According to the statute, MCL 750.82, and the standard Jury Instruction for this crime, M Crim JI 17.9, the correct term is Assault With a Dangerous Weapon. However, it is most commonly called Felonious Assault for short. We use both terms interchangeably; they are the same exact crime under MCL 750.82.
Because PrainLaw, PLLC is a Criminal Defense firm that concentrates on defending Michigan Assault charges, we often hear the question “What is Felonious Assault in Michigan?” Felonious Assault charges under MCL 750.82 are sought when one allegedly “assaults another person with a gun, revolver, pistol, knife, iron bar, club, brass knuckles, or other dangerous weapon without intending to commit murder or to inflict great bodily harm less than murder.”
As its name suggests, Felonious Assault (“Assault With a Dangerous Weapon”) in Michigan is a felony “punishable by imprisonment for not more than 4 years or a fine of not more than $2,000.00, or both.”
In Michigan, an Assault in Michigan can be one of two things:
a) an unsuccessful attempt to commit a battery (i.e. a swing and a miss); or
b) any act that would cause a reasonable person to fear or apprehend an immediate battery (i.e. a fake slap to make someone flinch, but without actually touching them).
In Michigan, a Felonious Assault must be intentional (and not accidental), even though actual touching is not necessary. The prosecution must prove beyond a reasonable doubt that you either have intended either to injure the alleged victim or to make the alleged victim reasonably fear an immediate battery.

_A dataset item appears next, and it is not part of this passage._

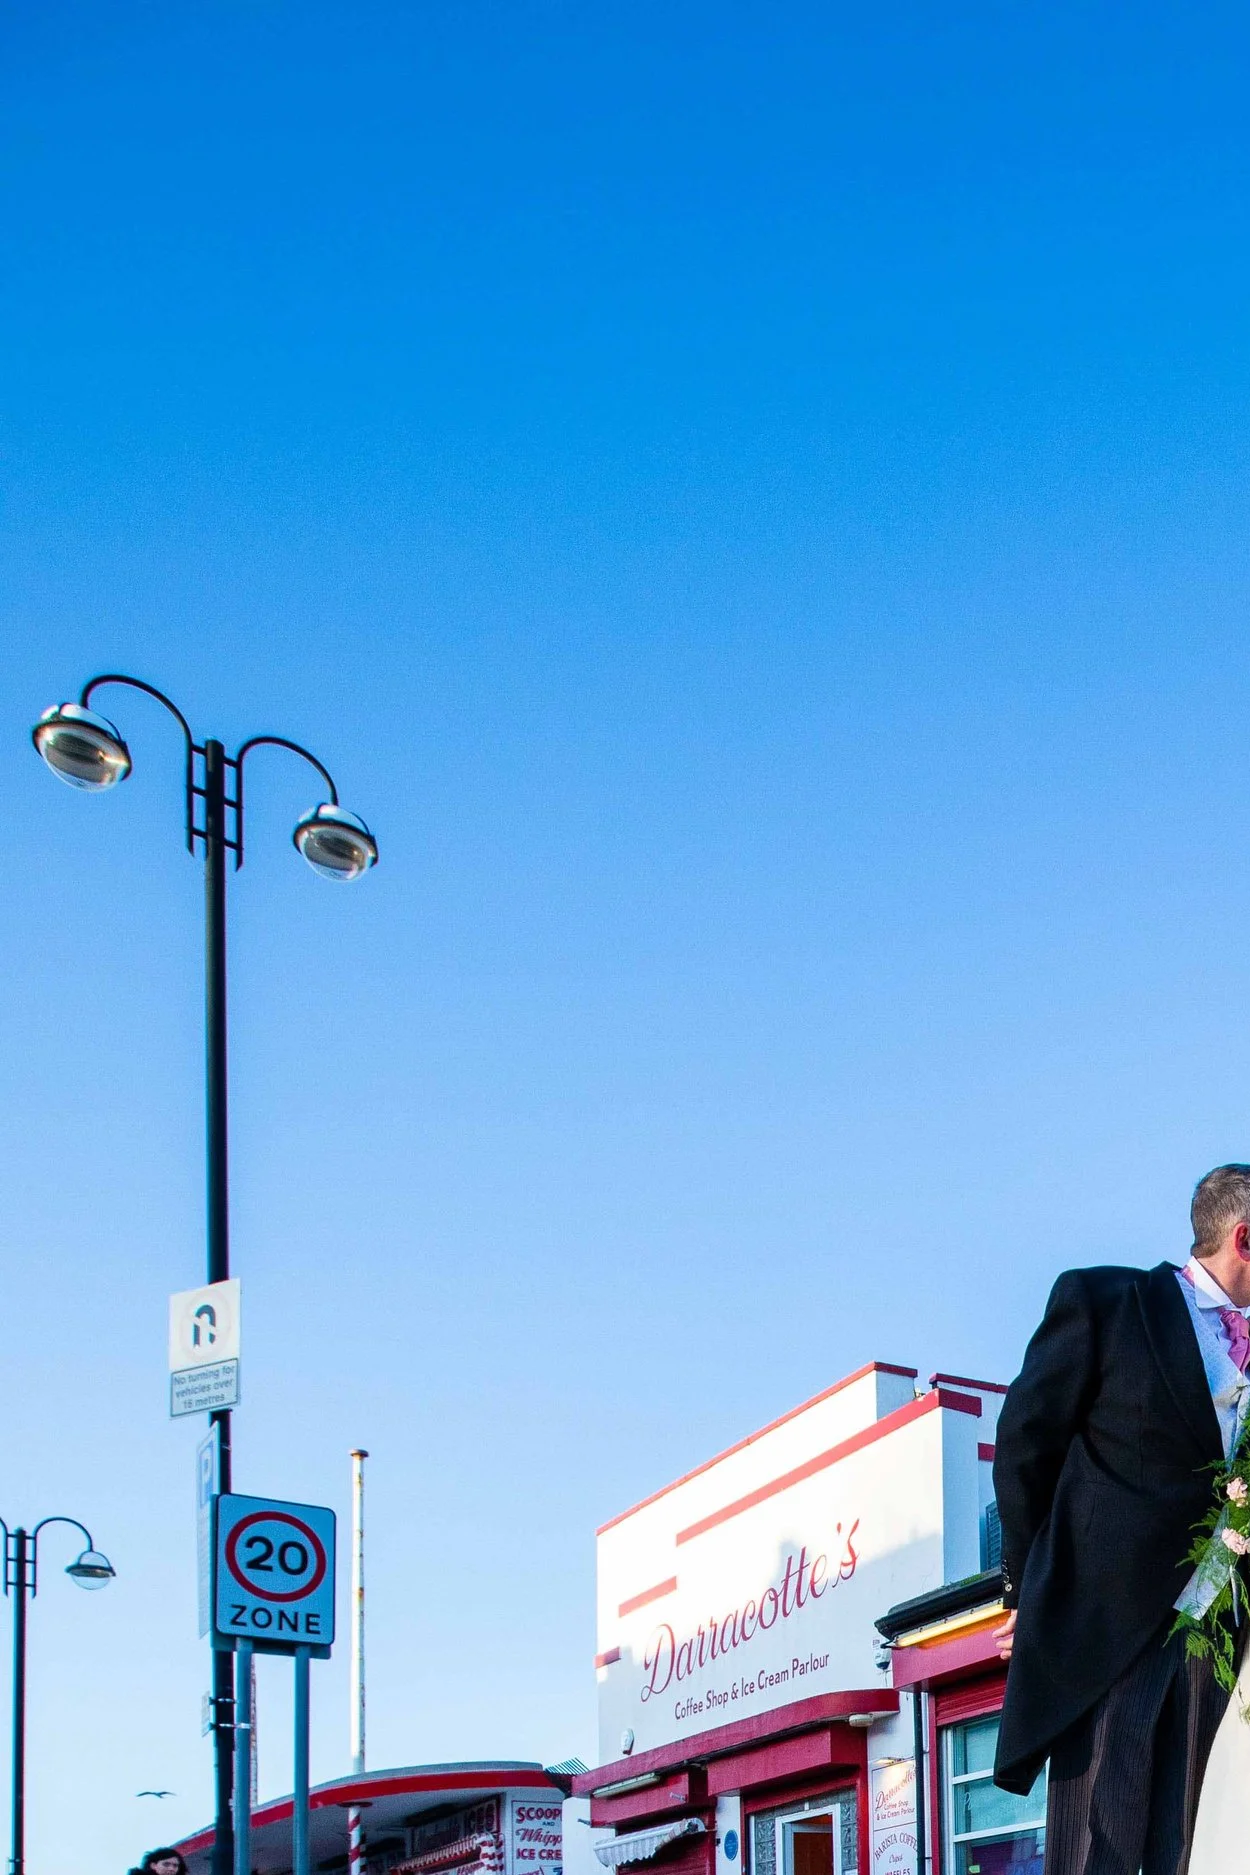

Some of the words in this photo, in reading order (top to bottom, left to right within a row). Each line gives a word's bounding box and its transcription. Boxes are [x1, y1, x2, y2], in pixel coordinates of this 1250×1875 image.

The prosecutor also must prove beyond a reasonable doubt that you had the ability to commit a Battery, appeared to have the ability, or thought you had that ability.
As used in the definition of Felonious Assault (Assault With a Dangerous Weapon), the term “other dangerous weapon” means “any object that is used in a way that is likely to cause serious physical injury or death.”
Some things like guns, knives, brass knuckles, and other typical weapons obviously would meet the definition of “dangerous weapon.” But even something designed for a completely peaceful purpose can be a “dangerous weapon” if it is used or intended to be used in a way likely to cause serious physical injury or death. A common example is a car or glass bottle. When there is a question as to whether or not something like this is a “dangerous weapon,” it is up to a Jury to decide.
If you are convicted of Felonious Assault in Michigan under MCL 750.82, and you have never been convicted of a Felony before, you are guilty of a Felony punishable by “imprisonment for not more than 4 years or a fine of not more than $2,000.00, or both.”
The penalties are increased even more if you are charged as an “Habitual Offender.”
A person convicted (and only if convicted) of Felonious Assault in Michigan can spend up to 4 years in Prison if they are not charged as an Habitual Offender. Whether or not you will actually receive Jail or Prison time in your Felonious Assault case depends on the severity of your alleged actions, how your Felonious Assault charges are defended, and the effectiveness of your attorney.
If you are facing a Felonious Assault charge in Michigan, your actual possible range of incarceration time will be calculated under the Michigan Sentencing Guidelines. Your Guidelines need to be scored at the start of your case, not at the end when it’s too late (like many lawyers do).
Here’s the bottom-line: instead of focusing on how much Jail or Prison time you could get, why not focus on being found NOT GUILTY?
If a person commits Felonious Assault in Michigan in violation of MCL 750.82 in a Weapon Free School Zone, the penalties are increased. The maximum Prison sentence is still 4 years, but the maximum fine is increased to $6,000.00, and the law explicitly says the Court can order “Community service for not more than 150 hours.”